Revue Sources

Rumeur dans les couloirs. Il semblerait que la fumée soit blanche ce soir sous le ciel romain. Agitations. Remue-ménage. Bruits de chaises devant le poste TV. Effectivement, un panache blanchâtre produit par un mystérieux calorifère envahit notre petit écran. Et nous voilà tout excités, oubliant notre repas, mettant à plus tard des tâches qui méritaient jusque là une impérieuse et urgente priorité. Les yeux rivés sur la loggia encore esseulée, nous nous amusons du babil du pauvre journaliste condamné à meubler le vide de… l’attente. Surtout, nous échangeons nos pronostics sur les chances respectives de nos favoris. Pour être franc, je mise davantage sur les «combinazione» cardinalices que sur la surprise du Saint-Esprit.

Je fus «déçu en bien»

Il me semble, ce conclave-ci, prendre part à la projection d’un film à suspens, plutôt qu’attendre pieusement la révélation d’une joyeuse bonne nouvelle susceptible de bouleverser le cours de ma vie. Rien à voir avec l’anxiété fébrile qui précéda l’«Habemus papam» un certain soir d’avril 2005 et, je le confesse, de la déception qui alors m’envahit. Ce soir du dernier 13 mars, échaudé, j’étais simplement un spectateur curieux et même amusé par l’événement. Comme dans les minutes qui précèdent le journal télévisé de 20 heures, un jour d’élection présidentielle chez nos amis français. Désabusé? Je ne le dirai pas. J’ai appris depuis longtemps que le sort de l’Eglise ne dépend pas d’un seul homme, fut-il évêque de Rome. Même s’il prend l’heureuse initiative de remiser au placard ses mules rouges et autres fanfreluches pontificales.

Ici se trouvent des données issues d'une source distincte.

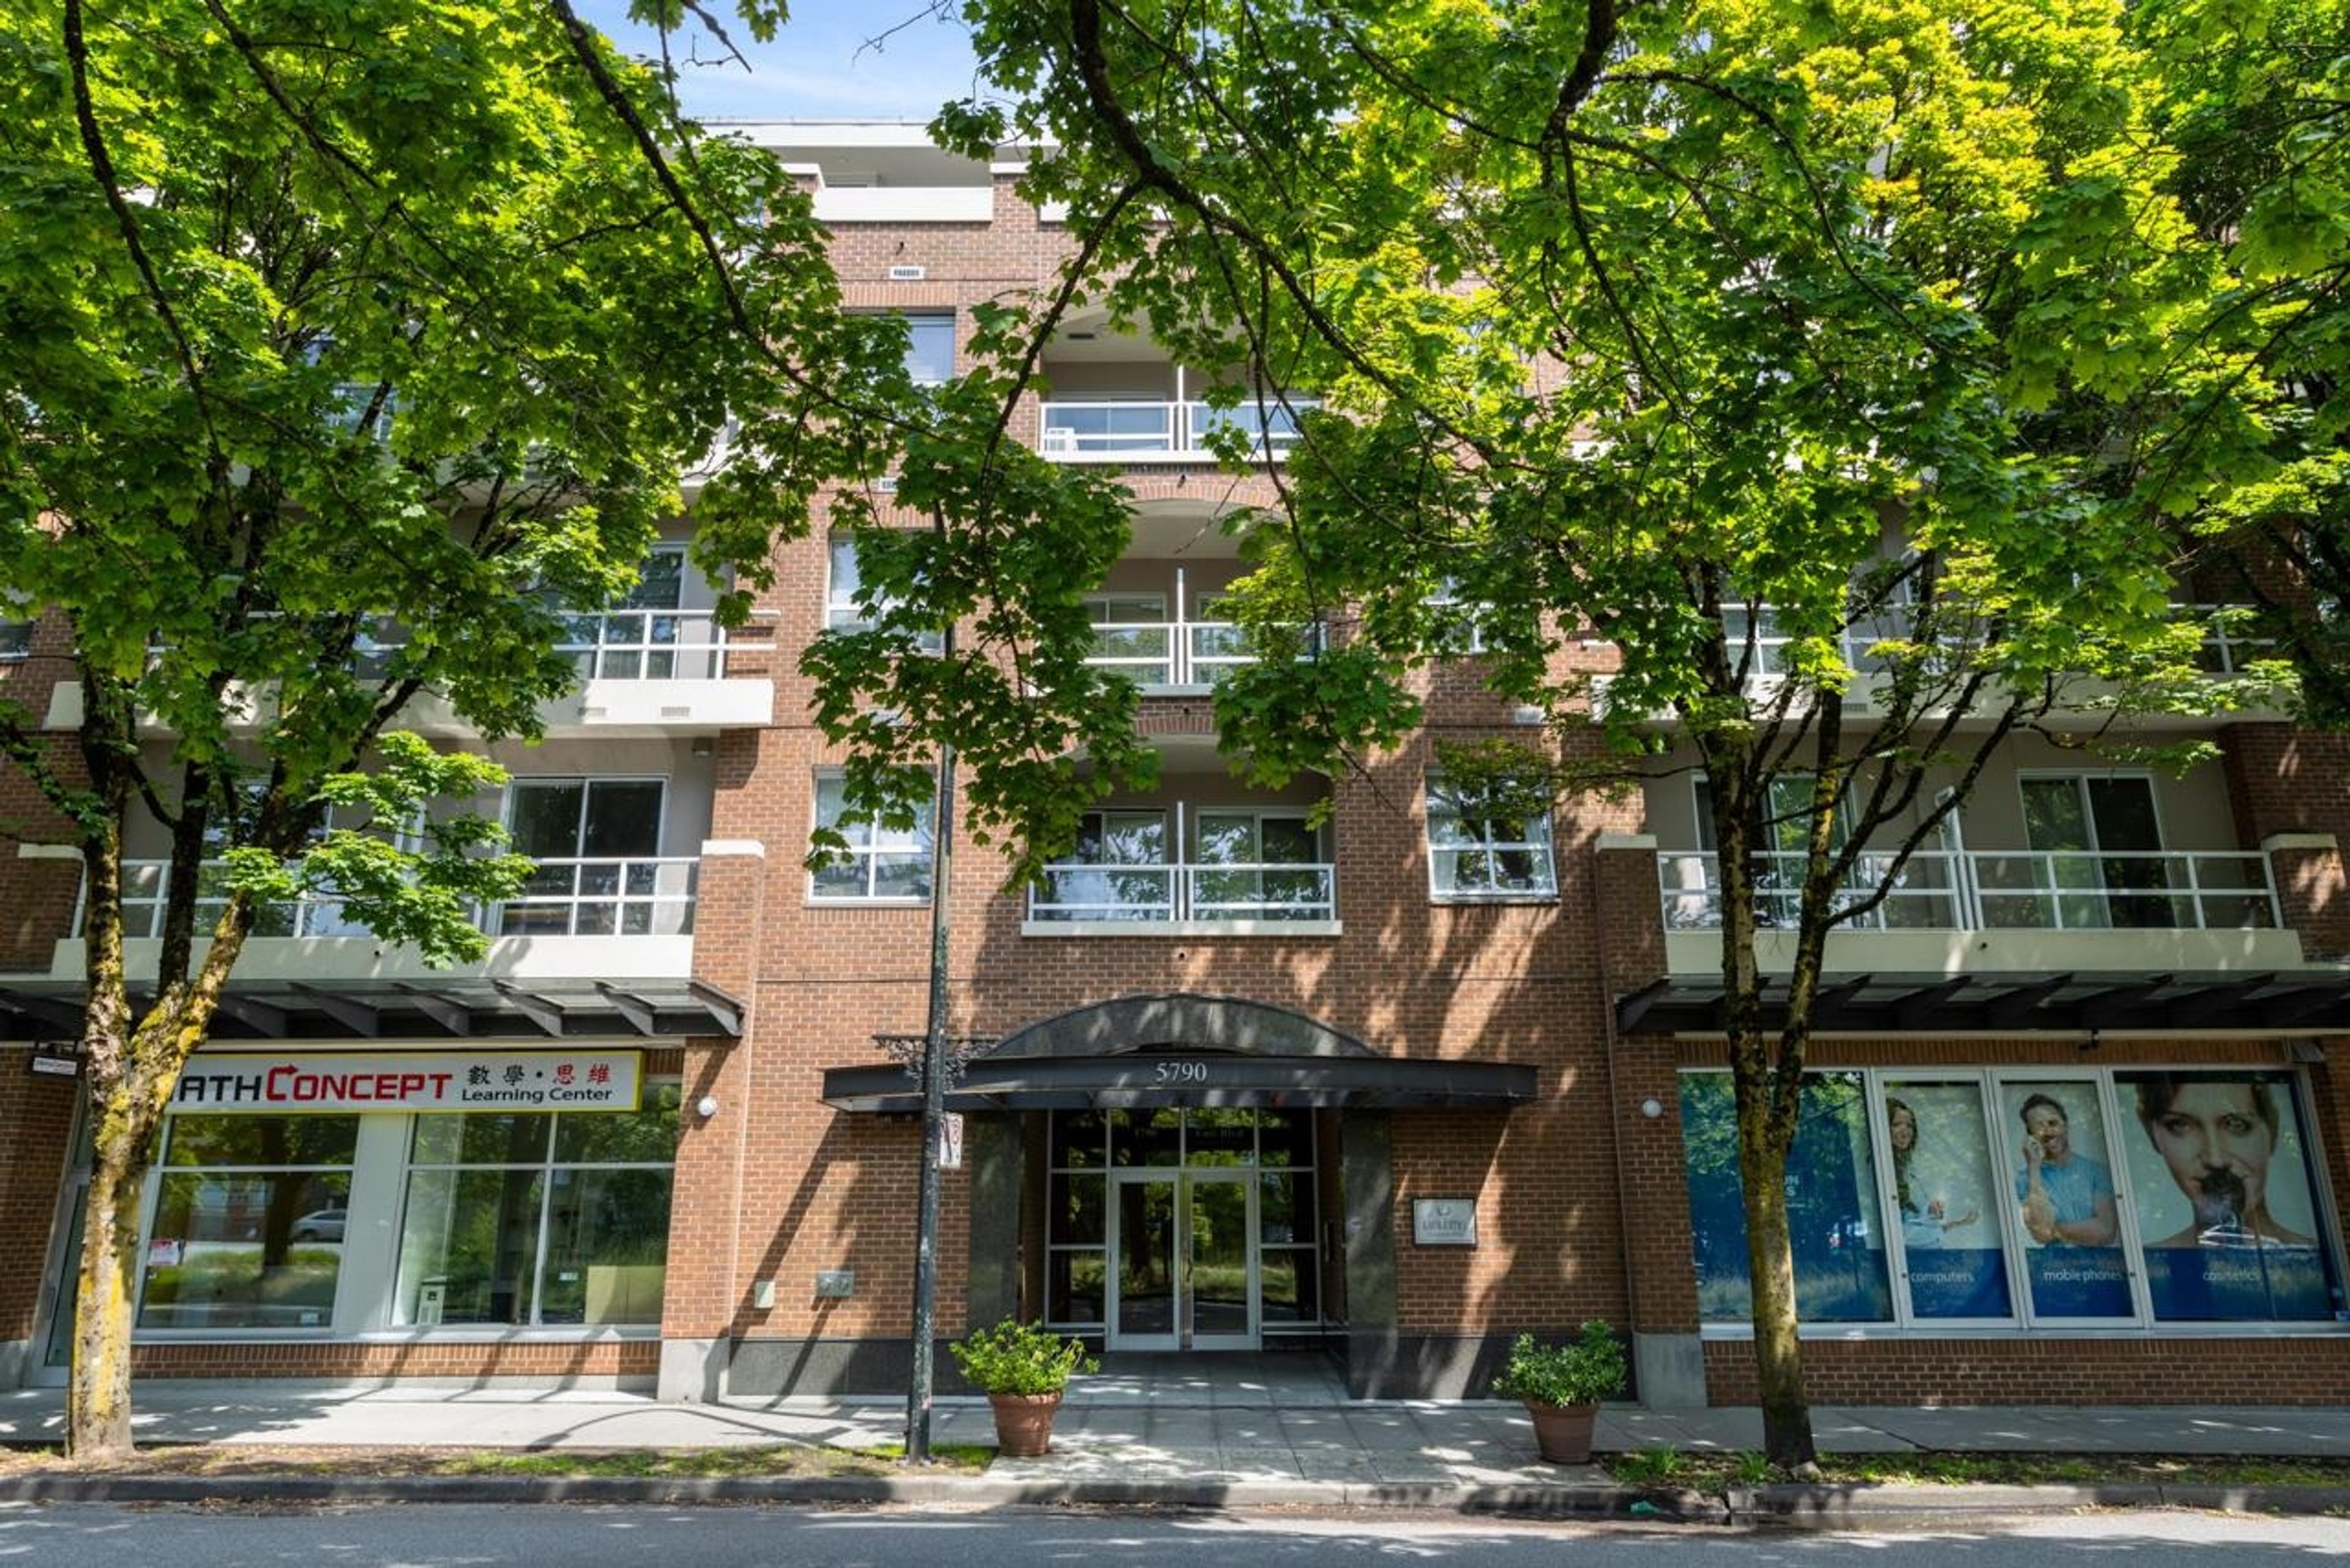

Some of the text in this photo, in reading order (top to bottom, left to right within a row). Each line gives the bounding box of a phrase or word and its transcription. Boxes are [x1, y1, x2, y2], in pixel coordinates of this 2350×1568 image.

[1155, 1062, 1207, 1082] 5790
[170, 1064, 453, 1101] ATHCONCEPT
[462, 1087, 613, 1104] Learning Center
[1911, 1272, 1974, 1285] computers
[2043, 1269, 2122, 1283] mobile phones

Au final, je fus «déçu en bien», selon le gai parler des Vaudois. Mon insolente indifférence fut vaincue par l’humilité d’un nouveau François, implorant pour lui notre bénédiction, avant même qu’il ne songe à nous faire part de la sienne. Un signe éloquent qui montre bien qu’un pape n’est rien sans un peuple qui prie avec lui et pour lui. J’ai donc bien fait d’attendre la révélation de son nom. Son geste prophétique m’invite à relire autrement mon code de droit canon.


Le frère dominicain Guy Musy, du couvent de Genève, est rédacteur-responsable de la revue Sources.